I’m pretty happy with it. I quit drinking soda, started exercising, started eating mostly plant-based, read a gazillion books, got a promotion, saw my kid start daycare (and begin to thrive.) Great progress in therapy. Started physical therapy. Decluttered a ton of shit and took steps to get my discretionary spending under control. Started appreciating what I have. Learning to slow down. I’m practicing gratitude, I’m journaling. I’m making my life more what I want it to be.
It hasn’t been without its stressors. Work has been crazy. We’ve been sick a lot. I’ve had some medication issues. I developed cough variant asthma which I guess means every time I get sick, I get a racking cough and breathing issues that don’t resolve for weeks. I’m not a fan of that.
But I’m trying to focus on what I can control. And right now, in my life, there’s a lot I can control.
Good, but not in the way we had planned or expected. We live in NYC, but have spent most of the last three years 1500 miles away, helping to care for my in-laws. Man, do I miss home sometimes!
When driving my in-laws to various doctor appointments, I met some people who volunteer to drive seniors and disabled people to appointments. Now I’m driving people around three or four days a week.

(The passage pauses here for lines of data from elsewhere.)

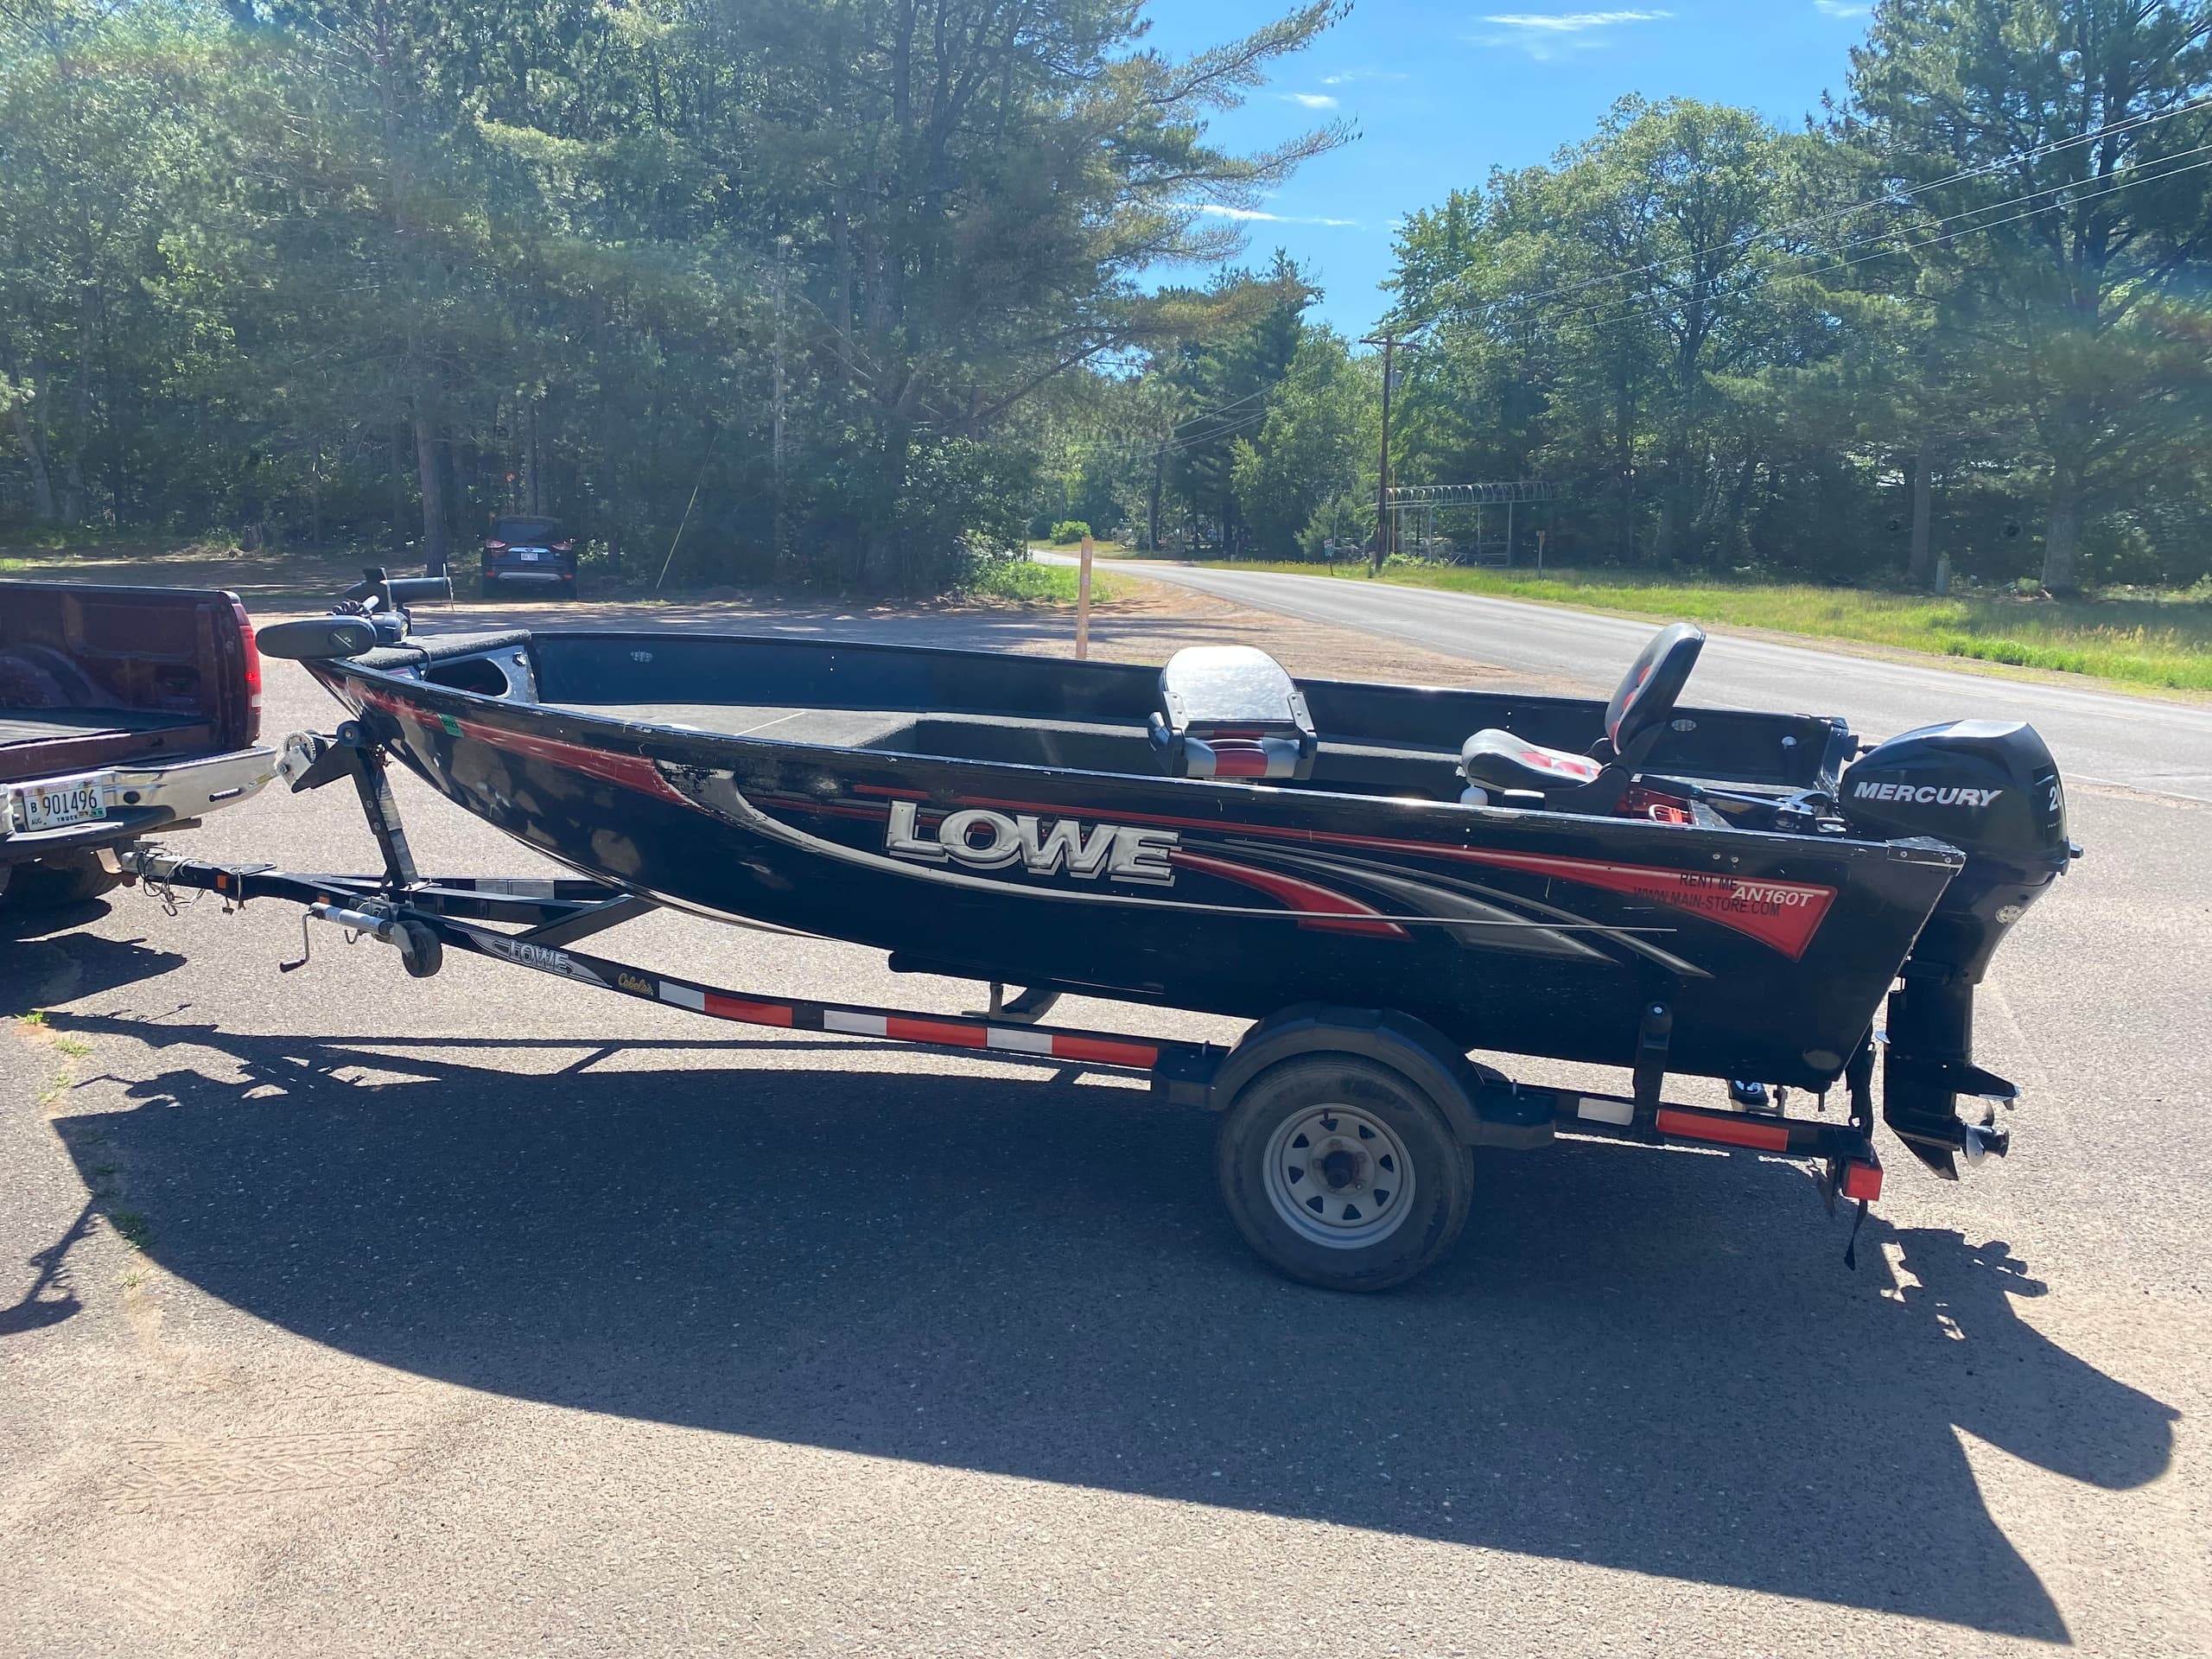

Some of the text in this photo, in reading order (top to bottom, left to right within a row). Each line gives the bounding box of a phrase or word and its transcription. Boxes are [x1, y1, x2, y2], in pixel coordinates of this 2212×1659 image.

[30, 802, 37, 813] B
[42, 789, 98, 817] 901496
[1853, 781, 2004, 807] MERCURY
[31, 817, 42, 826] AUG
[884, 799, 1181, 886] LOWE
[1679, 872, 1738, 892] RENT ME
[1732, 886, 1814, 907] AN160T
[507, 939, 570, 973] LOWE

Met a lot of great people and have had a great fear of having to live on Medicare instilled in me.
Made it thru another year without anyone I know getting Covid. Knocking on wood.

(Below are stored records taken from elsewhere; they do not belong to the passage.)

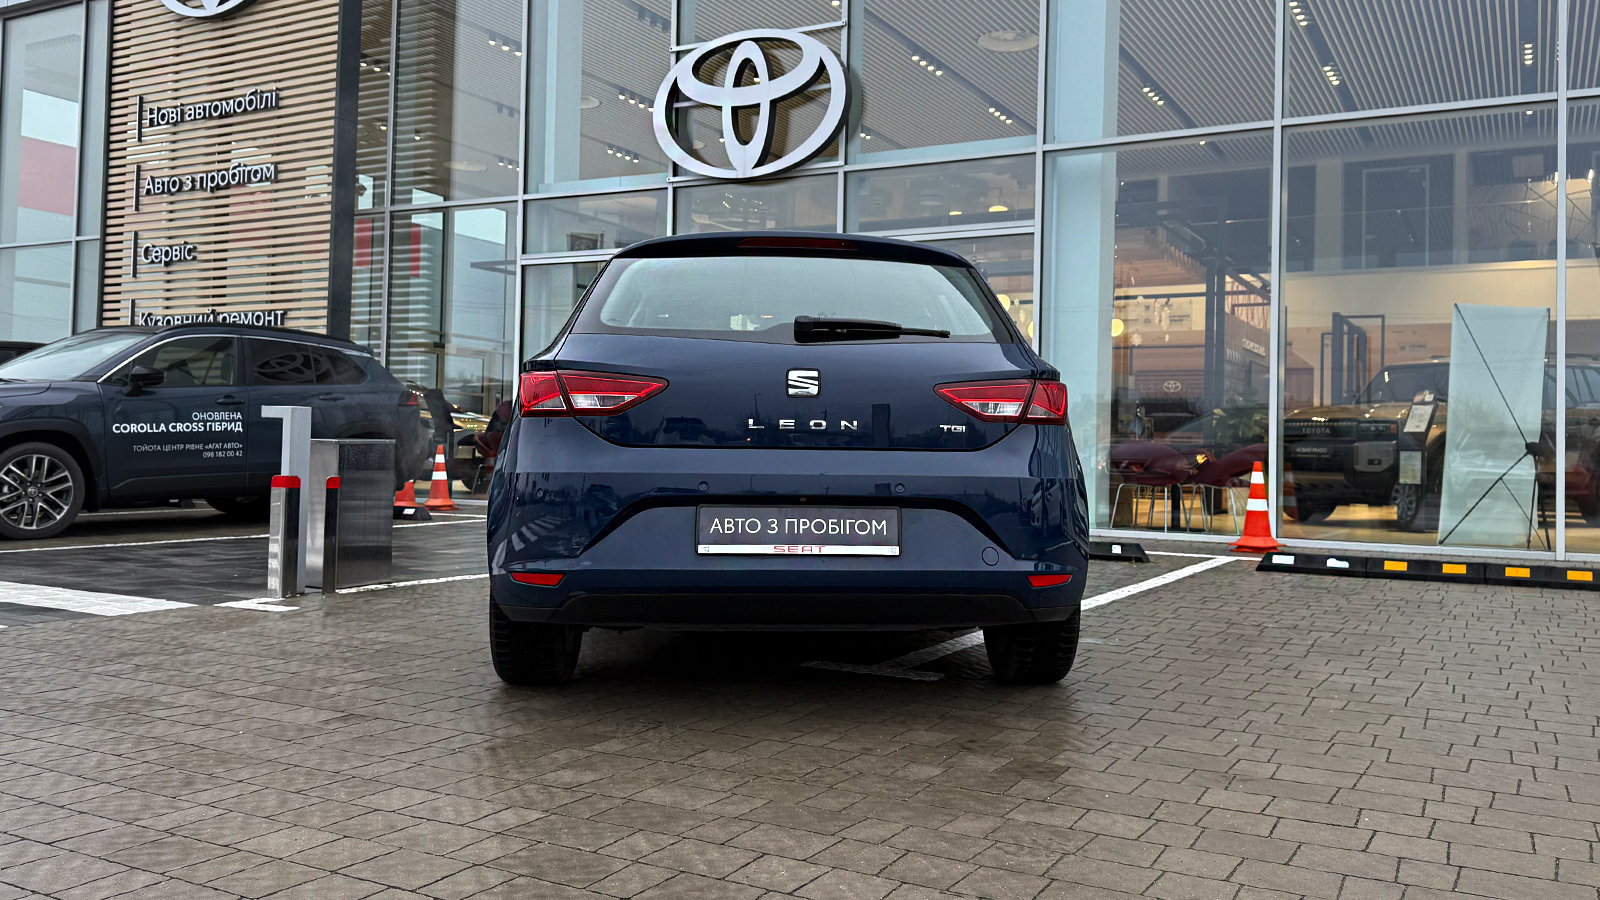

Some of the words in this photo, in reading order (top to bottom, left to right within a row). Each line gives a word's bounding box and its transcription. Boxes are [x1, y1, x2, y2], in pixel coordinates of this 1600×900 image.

[147, 102, 183, 126] Нові
[186, 86, 277, 120] автомобілі
[144, 175, 180, 194] Авто
[183, 174, 193, 190] з
[197, 162, 275, 193] пробігом
[141, 240, 194, 267] Сервіс
[191, 411, 243, 421] ОНОВЛЕНА
[112, 423, 167, 433] COROLLA
[168, 422, 204, 432] CROSS
[206, 421, 243, 433] ГІБРИД
[748, 418, 858, 430] LEON
[939, 424, 966, 433] TGI
[133, 443, 161, 452] ТОЙОТА
[162, 444, 184, 452] ЦЕНТР
[709, 517, 761, 534] АВТО
[767, 518, 779, 534] З
[785, 518, 887, 535] ПРОБІГОМ
[773, 545, 826, 553] SEAT

This one tops everything else. At age 60, my wife and I, childless by choice, find ourselves in custody of two young girls, 11 and 13. Looks like they’ll be with us for awhile at this point. It’s going really well so far, I think they like having a little bit of order in their life. I’m sure they will soon turn into obnoxious brats and kill us both in our bed, but for now we are having a good time.
All in all, it’s been a really good year for us both.
The good: My wife and I made it through another year. Got a new pacemaker installed in January. [Got a doctor assigned in June after being waitlisted for 19 months]*. Got visits from all three kids and visited all three, the last two over the Thanksgiving holiday. They are their kids all doing well and loving us, each other, and their respective spouses.
The bad: two good friends died. One from brain cancer who had been my PhD student then became a close friend. The other a colleague whose office had been next to mine, of cancer somewhere in the digestive tract; I never quite understood where. My BIL died. Although he had separated from sis, it still upset her.
*edited to add. Then six months later, she announced she was “leaving the public service”. Back on the waiting list. But the worst part is that she had arranged for a colonoscopy after a test showed blood in the stool. When I no longer had a family doctor, they canceled the colonoscopy. Ostensibly because I had no one to ask how long in advance I should stop the blood thinner. This is abusive, IMHO.
2022 was pretty much like 2021 - I’m retired, my wife and son work at home, and we pretty much just mark the days.
However, in November my only brother and last member of my original nuclear family died. I lost my Mom a few years ago. My Dad, who I never really knew well, died about 35 years ago, and I had two twin sisters who died in infancy. It feels strange and sad to be the last one left at only 59. Luckily my own family is doing ok.
Here’s hoping for a better 2023 - but I don’t believe it.
My year got better, as my ability to walk got easier. It was in April of 2021, just after Easter, when I broke my hip. Living on a second floor was a pain. My sister and friends went above and beyond taking care of me, to therapy and medical appointment, doing laundry, and such. Then in the fall of that year I sold my house, and moved to where I am now. Again I had a lot of help. By the end of 2021 I was living on my own but still had to use a walker.
So, for 2022 I gradually improved my walking, graduating to a cane, and now I walk without the cane again. I count that as a good thing.
Oh, and speaking of help, one of the DeathPool people, phungi, took over handling the game. I will always be grateful for that. I wanted to do it myself but still couldn’t push myself, as I had a bit of depression… But that’s all over now.
I can’t say it was awesome. Just another year of trying to keep my head above water while working in an industry that has been circling the drain for so long I can scarcely remember otherwise. And my father died in July, which was a real punch to the gut. But I don’t feel nearly as downtrodden as I kind of think I should feel. Maybe it’s the irrational optimism that comes when a new year starts. I am at least inclined to get up off the mat and battle back, even if I wind up getting clobbered once again.
The good: Two new grandchildren, healthy and happy. Other children doing well. Successful year at work, good shape financially. Large “remodel” project completed at home. My wife and I count our blessings every day.
The bad: My mother died in October. She had been declining cognitively for years, and especially last 6 months. After a lifetime of unbridled optimism, she was, for the first time, miserable. Hard to watch. A few other challenges during the year, but within normal limits and we dealt with them.